28th Battalion (Northwest) Canadian Infantry
Leonard Herbert Lambley was born in Tetbury on 5 January 1890. He was one of twelve children born to William and Mary Eliza Lambley. His mother died in 1903 and left with a large family his father probably encouraged him to emigrate to Canada, which he did in August 1906, aged 17.
In 1910 he moved to Tacoma, in Washington State, USA and signalled his intention to become an American citizen. He joined the US Infantry and after a year in San Diego, California he spent the next two in the Philippines. In March 1914 he returned to Canada and joined his brother Ernest in Kenora, Ontario, who had found work with the Canadian Pacific Railway
On 12 February 1915 Leonard enlisted into the Canadian Army at Port-la-Praire, Manitoba and on 4 September 1915 sailed for Europe as part of a reinforcement draft for the 45th Battalion. He would later transfer to the 28th Battalion, part of the 2nd Canadian Division. In January 1916 he embarked for France, joining the 28th Battalion in the field on the 21st of that month.
On 20 April 1916 he was admitted to 13th Stationery Hospital in Boulogne, having sustained a gunshot wound to his jaw, whilst in action at St Eloi in the Ypres Salient.

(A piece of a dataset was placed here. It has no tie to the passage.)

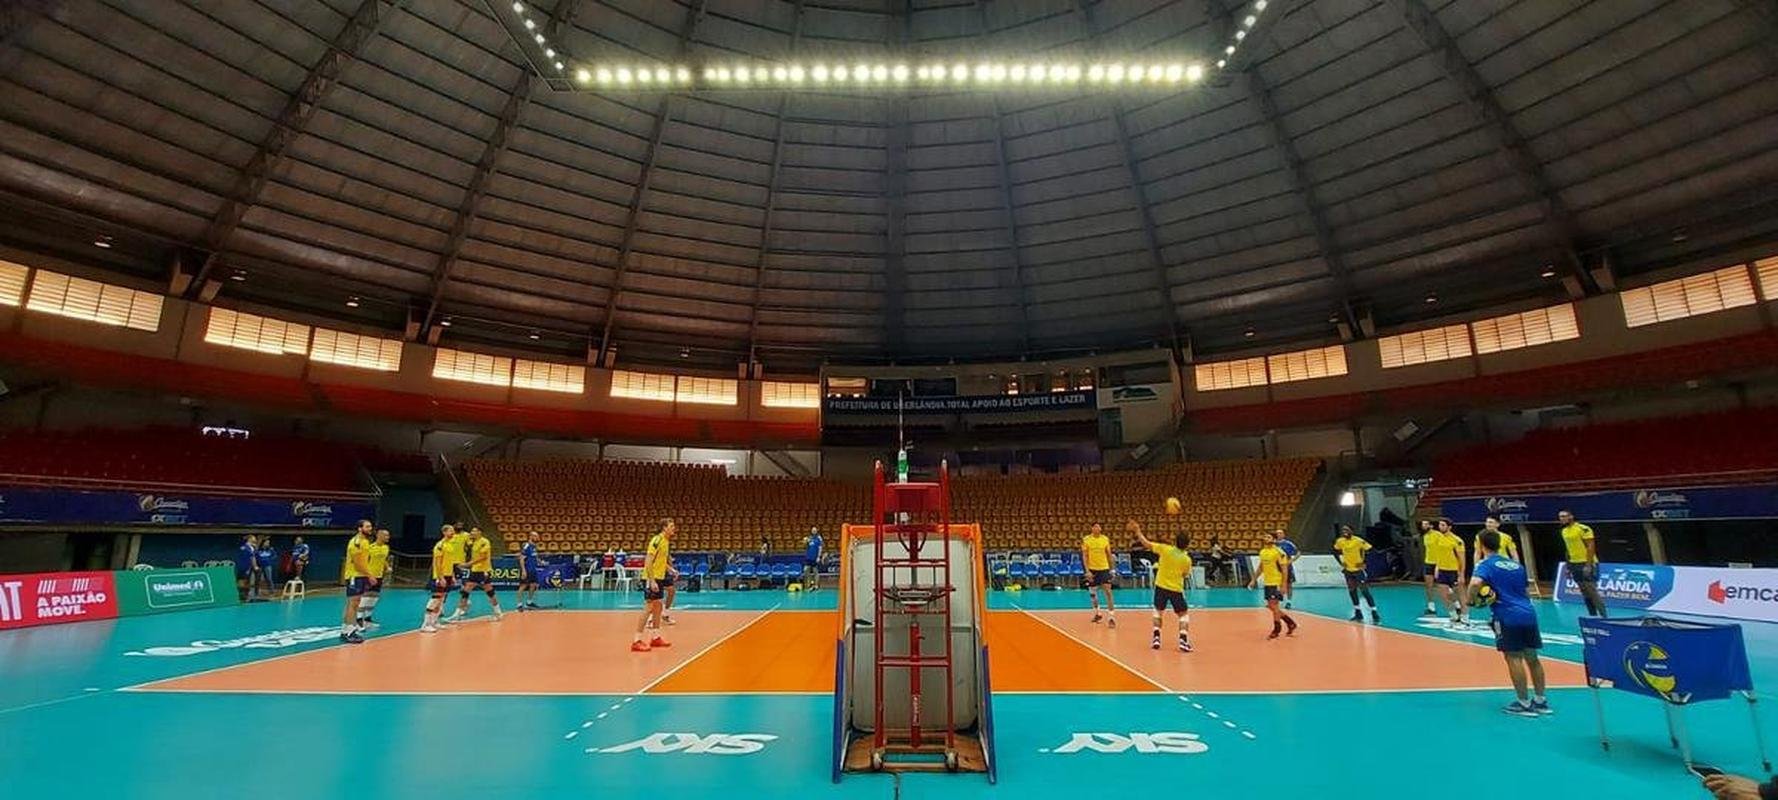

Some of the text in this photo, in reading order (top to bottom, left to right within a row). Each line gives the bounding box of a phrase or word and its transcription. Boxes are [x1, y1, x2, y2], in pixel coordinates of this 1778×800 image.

[38, 591, 106, 607] A PAIXÃO
[38, 604, 86, 618] MOVE.
[600, 732, 779, 754] SKY
[1053, 732, 1208, 753] SKY

He spent a period of convalescence in England before returning to France in July and re-joining his unit the following month.
September 1916 saw him in action on the Somme and on 15 September he suffered a severe gunshot wound to his right leg, which was fractured in two places. After an initial stay in No 1 Canadian Hospital at Etaples he was sent to England and by 8 October was a patient in the Second Southern General Hospital, Bristol. Unfortunately, complications with his wounds set in and he died there on 4 January 1917.
Leonard was brought back to his birthplace for burial in Tetbury (St Saviour) Churchyard. He is commemorated on the town’s war memorial and in the First World War Book of Remembrance housed in the Peace Tower of the Canadian Parliament Building in Ottawa.